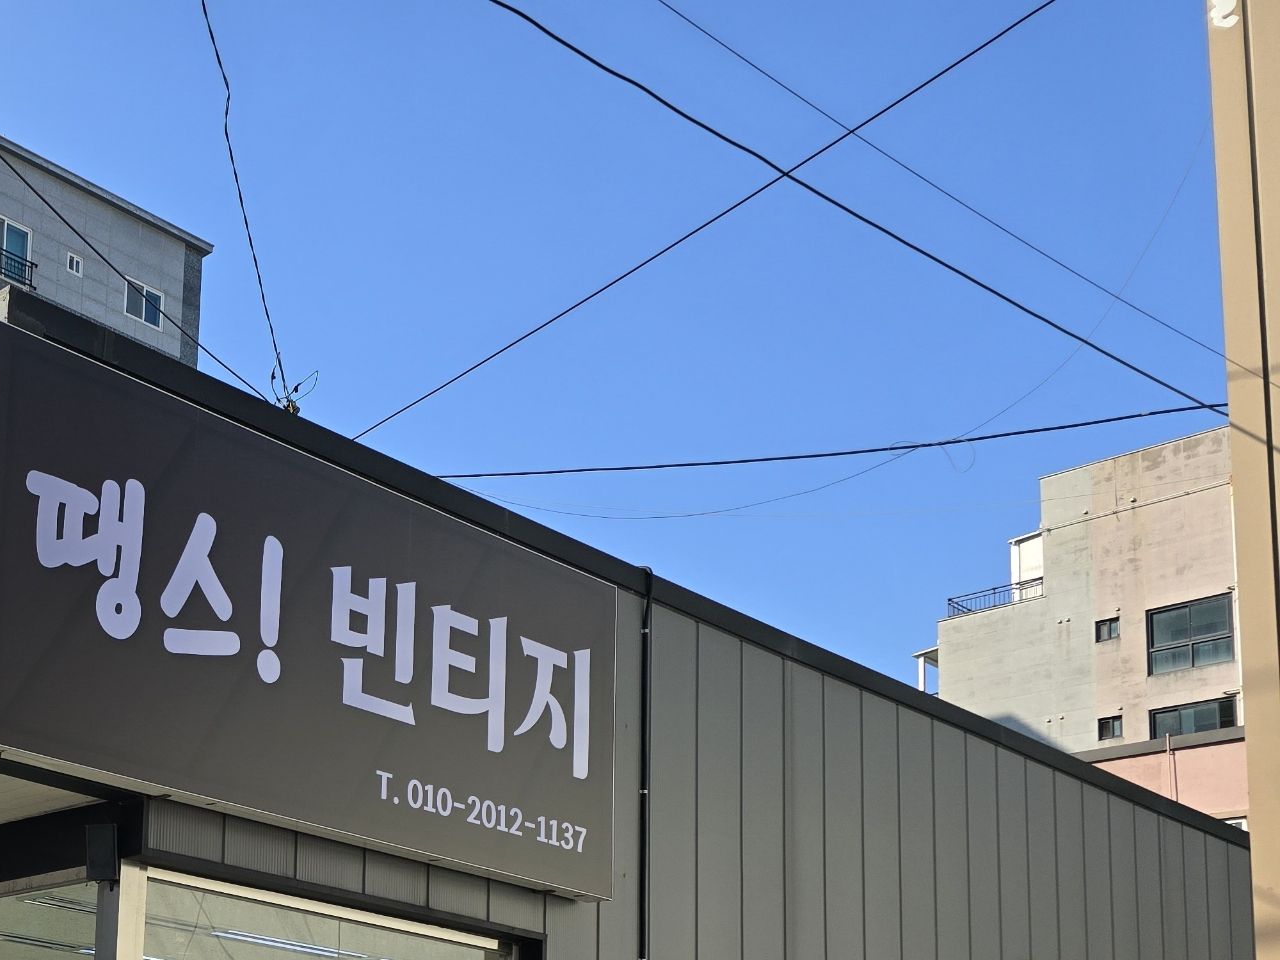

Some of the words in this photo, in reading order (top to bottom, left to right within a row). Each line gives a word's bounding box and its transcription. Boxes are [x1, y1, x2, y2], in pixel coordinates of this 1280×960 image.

[26, 469, 284, 684] 땡스!
[330, 565, 591, 780] 빈티지
[376, 770, 400, 805] T.
[407, 778, 588, 853] 010-2012-1137
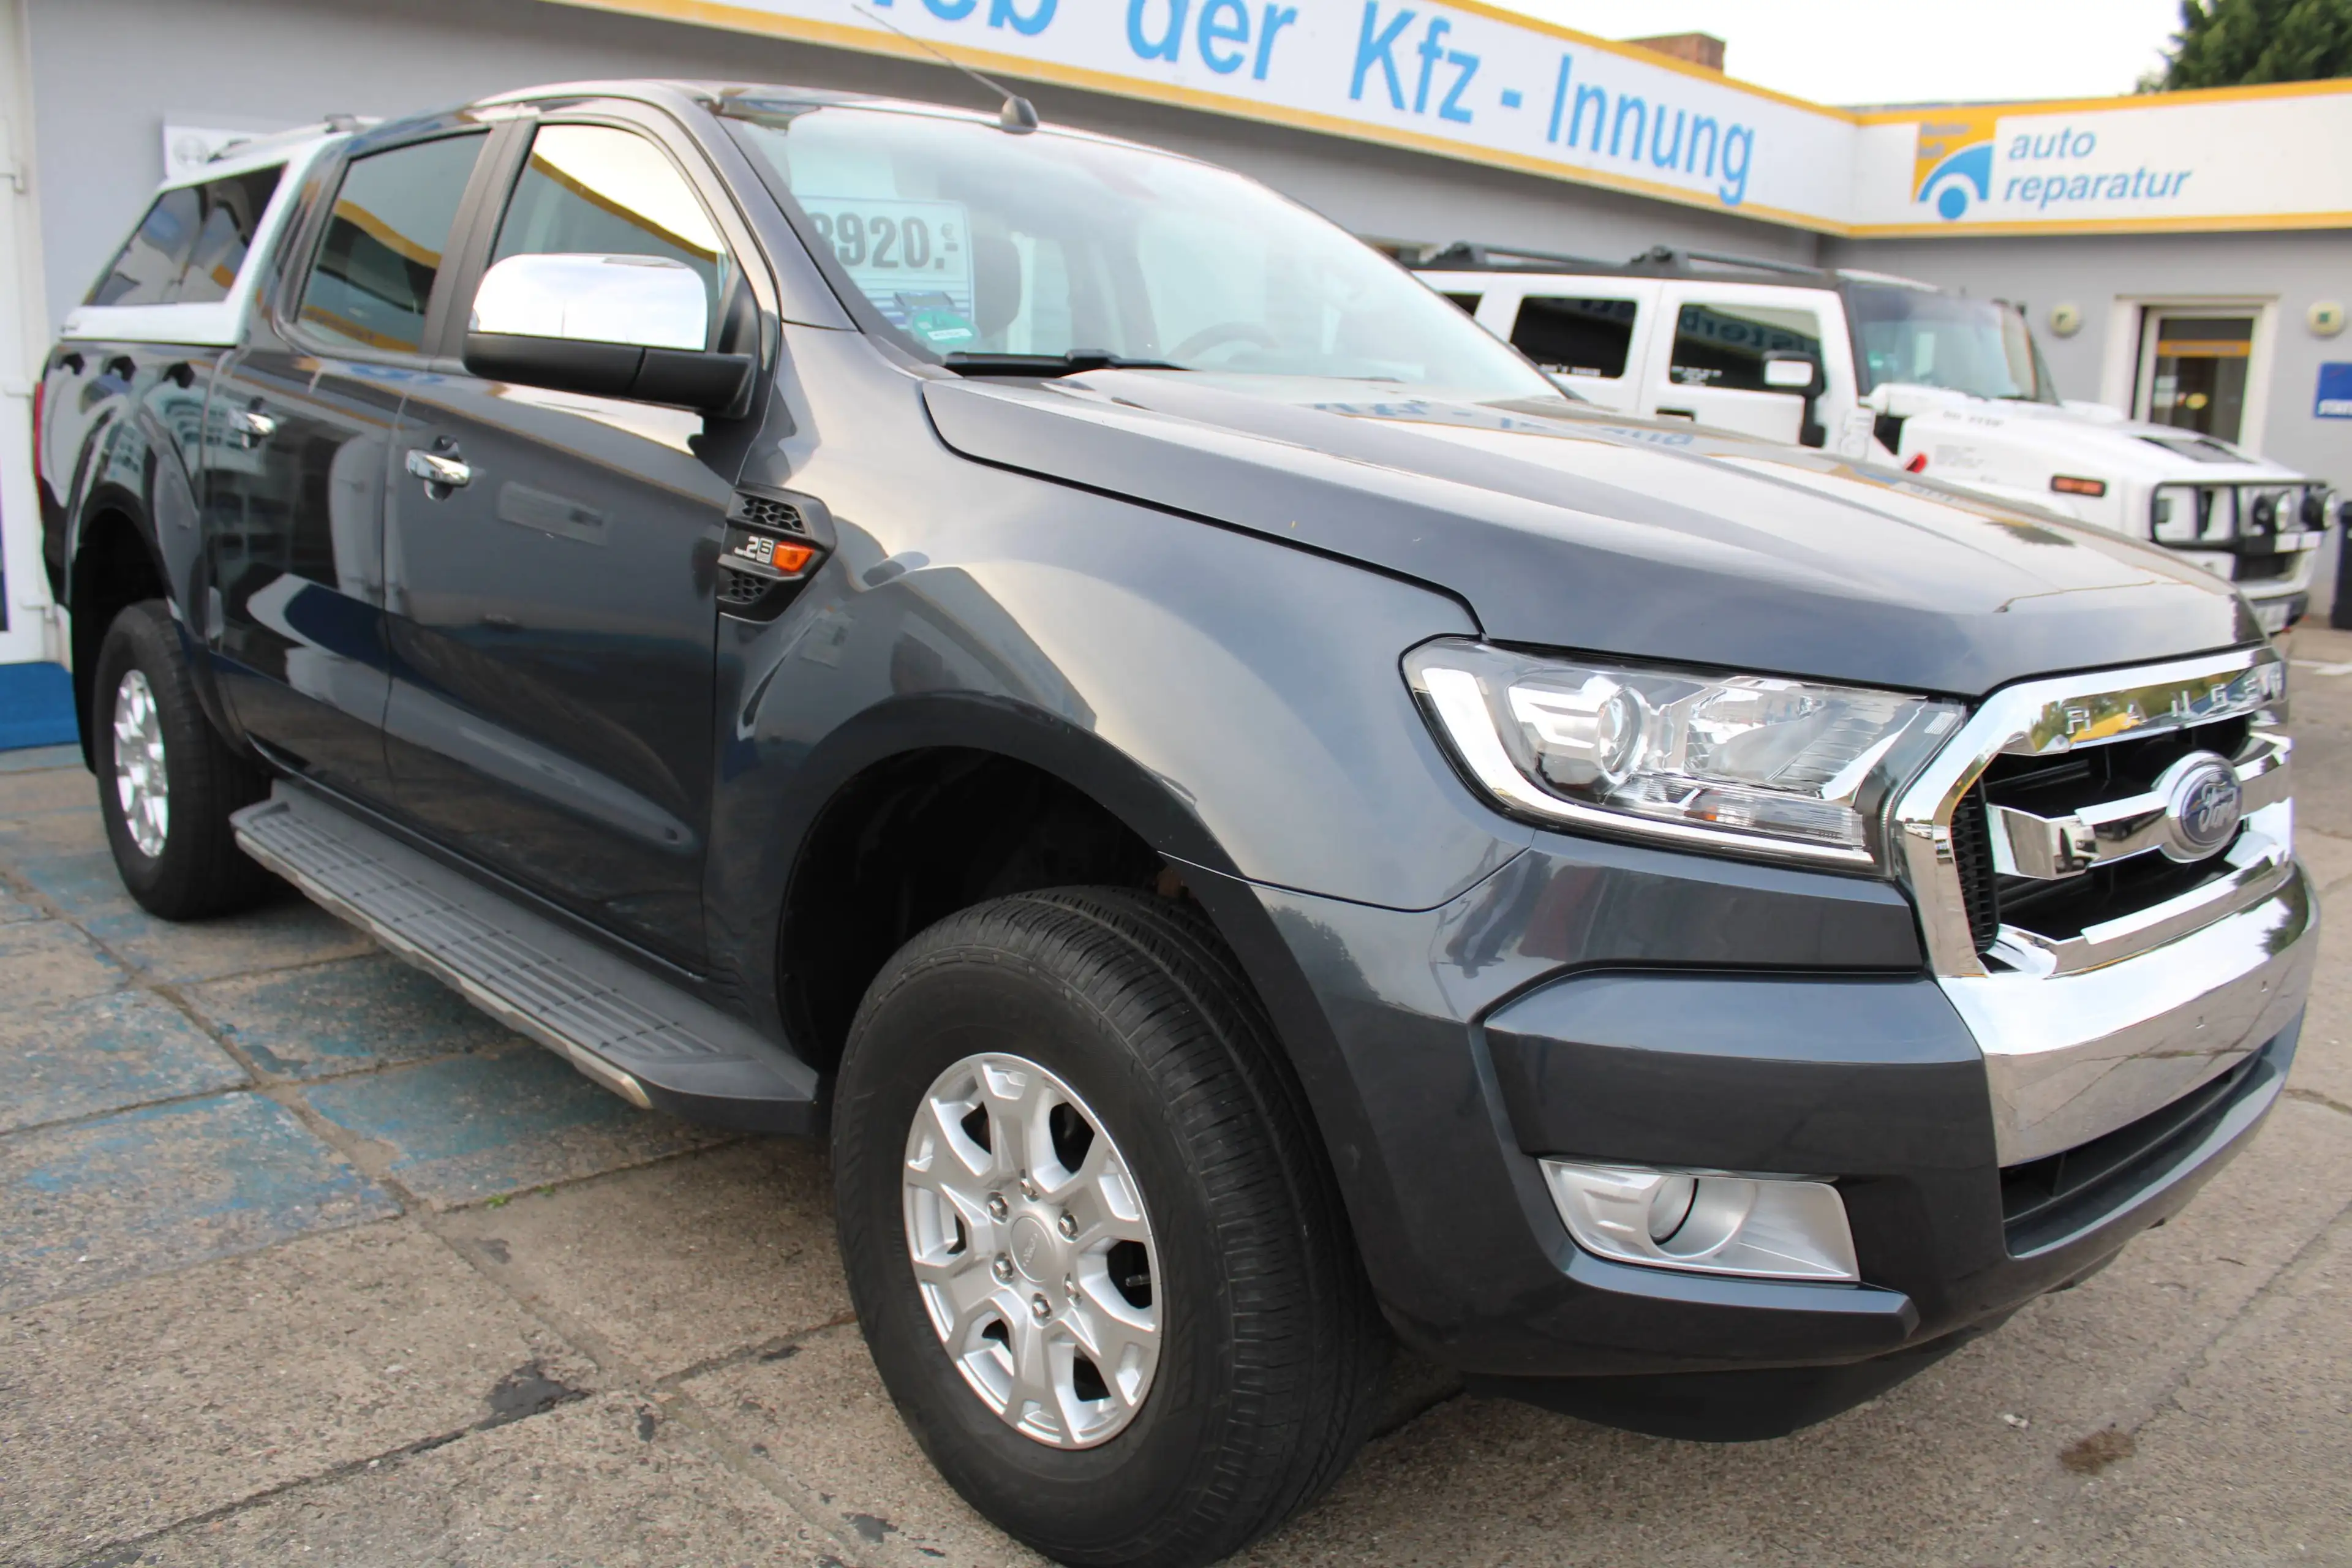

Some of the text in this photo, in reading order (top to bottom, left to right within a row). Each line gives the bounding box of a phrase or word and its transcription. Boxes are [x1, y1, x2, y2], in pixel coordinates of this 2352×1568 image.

[1126, 0, 1297, 80] der
[1349, 1, 1480, 124] Kfz
[1547, 53, 1754, 206] Innung
[2008, 127, 2097, 161] auto
[2003, 167, 2193, 210] reparatur

### Exercise prompt
Pictures don't belong in the copy. Restate all the entries exactly.

### Response to the exercise
Some of the words in this photo, in reading order (top to bottom, left to right within a row). Each line gives a word's bounding box and its transcription. Boxes are [x1, y1, x2, y2], in pixel coordinates of this 1280×960 image.

[26, 469, 284, 684] 땡스!
[330, 565, 591, 780] 빈티지
[376, 770, 400, 805] T.
[407, 778, 588, 853] 010-2012-1137

Some of the text in this photo, in reading order (top to bottom, left to right within a row). Each line gives the bounding box of a phrase or word and its transcription. Boxes are [x1, y1, x2, y2], in pixel coordinates of this 2352×1568 image.

[1126, 0, 1297, 80] der
[1349, 1, 1480, 124] Kfz
[1547, 53, 1754, 206] Innung
[2008, 127, 2097, 161] auto
[2003, 167, 2193, 210] reparatur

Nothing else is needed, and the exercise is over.